* _EXERCISE DETAILS_: Print the whole listing again exactly, keeping no pictures in it.

* _SOURCE MATERIAL_:

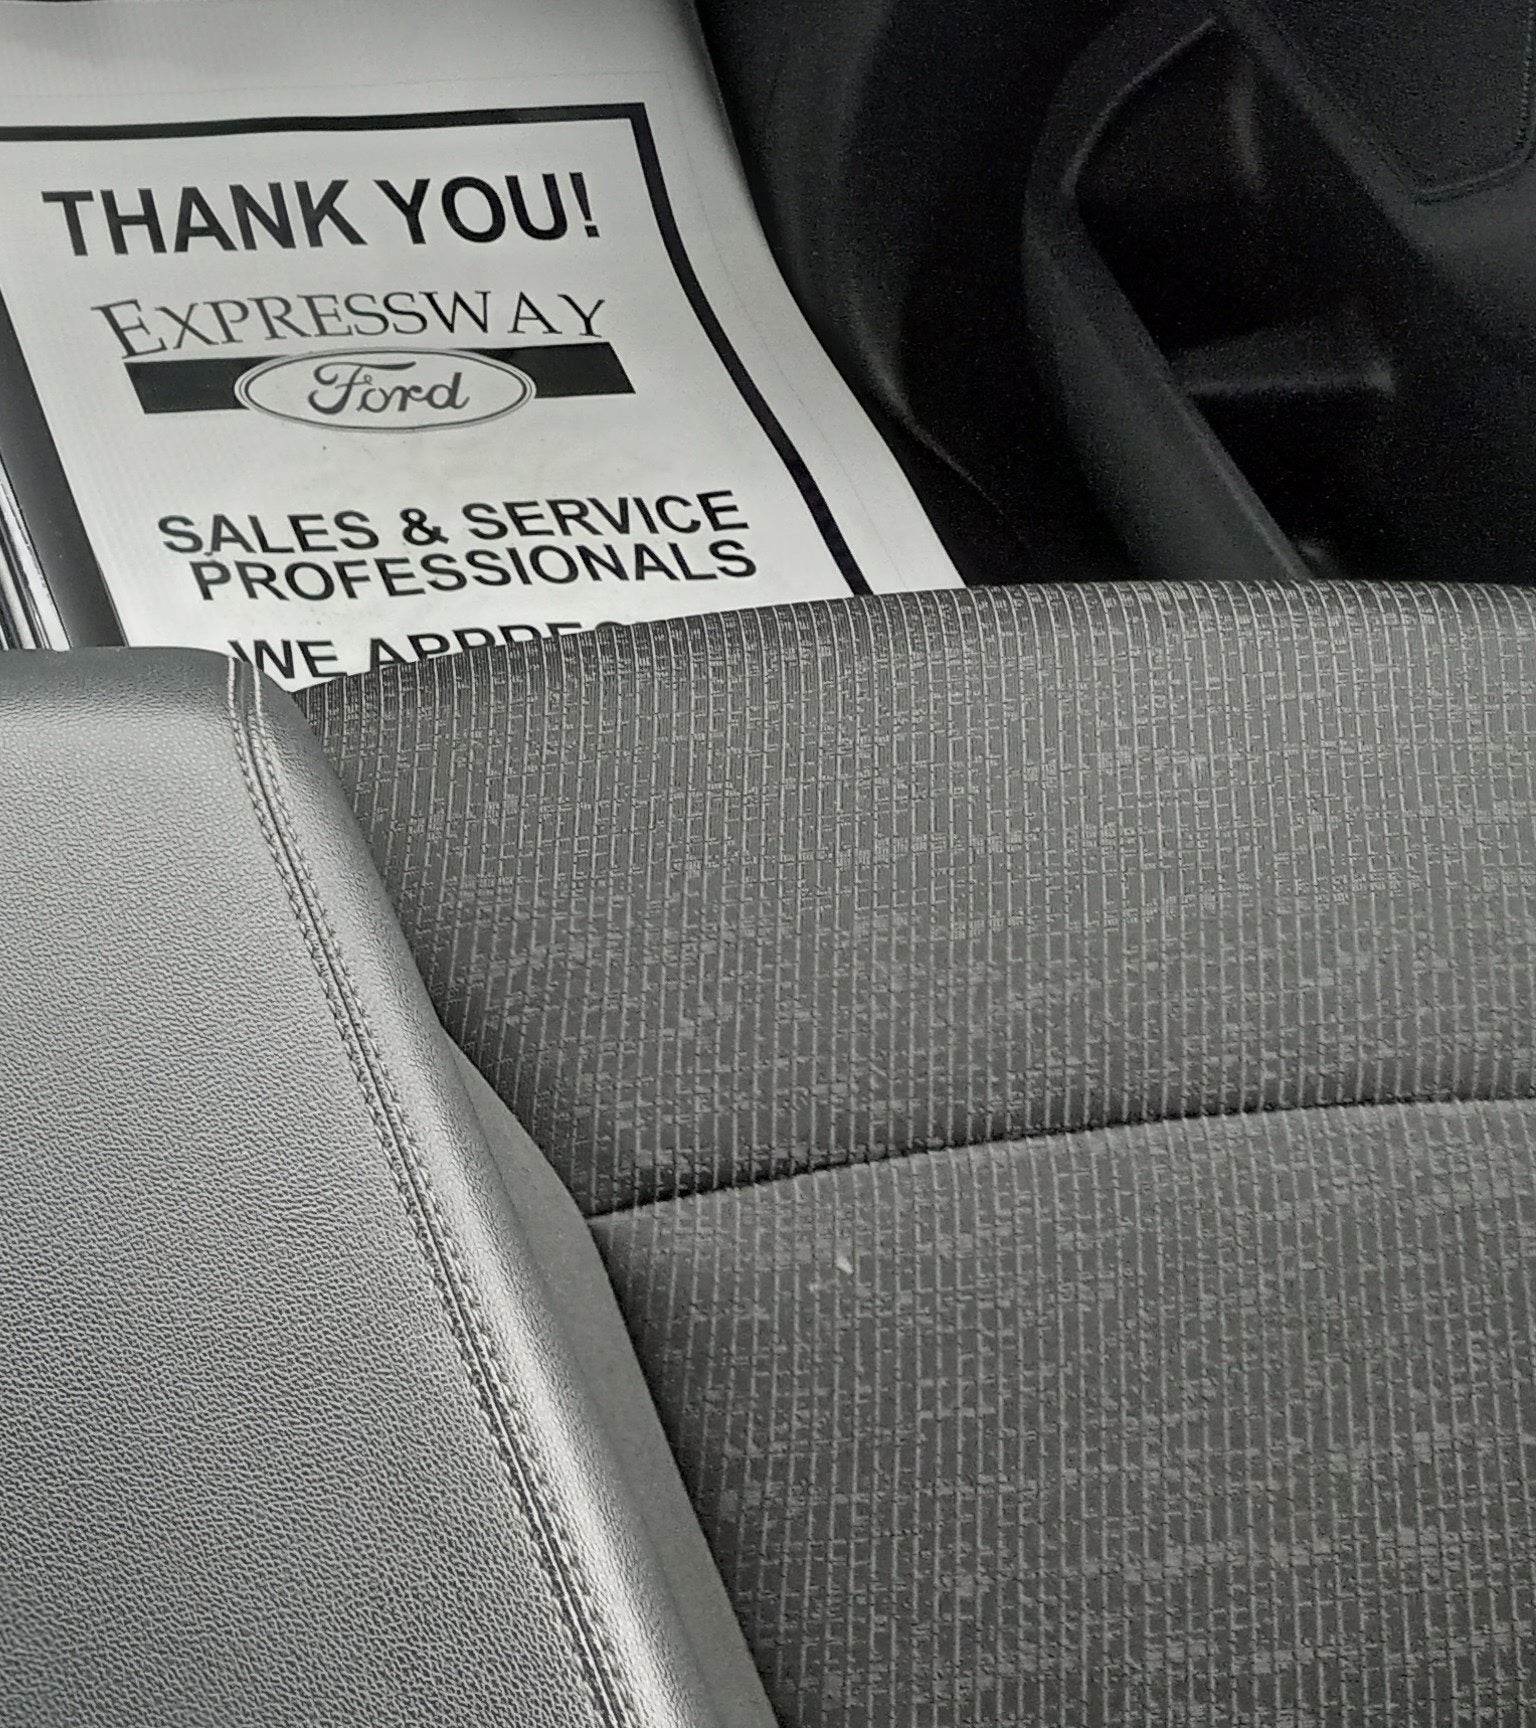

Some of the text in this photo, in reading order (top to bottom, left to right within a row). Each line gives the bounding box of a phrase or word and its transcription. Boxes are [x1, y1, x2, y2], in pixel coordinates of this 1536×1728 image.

[41, 171, 601, 258] THANK YOU!
[91, 289, 608, 358] EXPRESSWAY
[307, 361, 470, 417] Ford
[158, 489, 750, 555] SALES & SERVICE
[188, 540, 758, 603] PROFESSIONALS
[228, 638, 348, 679] WE

* _REPLY TO THE EXERCISE_:
Some of the text in this photo, in reading order (top to bottom, left to right within a row). Each line gives the bounding box of a phrase or word and its transcription. Boxes are [x1, y1, x2, y2], in pixel coordinates of this 1536×1728 image.

[41, 171, 601, 258] THANK YOU!
[91, 289, 608, 358] EXPRESSWAY
[307, 361, 470, 417] Ford
[158, 489, 750, 555] SALES & SERVICE
[188, 540, 758, 603] PROFESSIONALS
[228, 638, 348, 679] WE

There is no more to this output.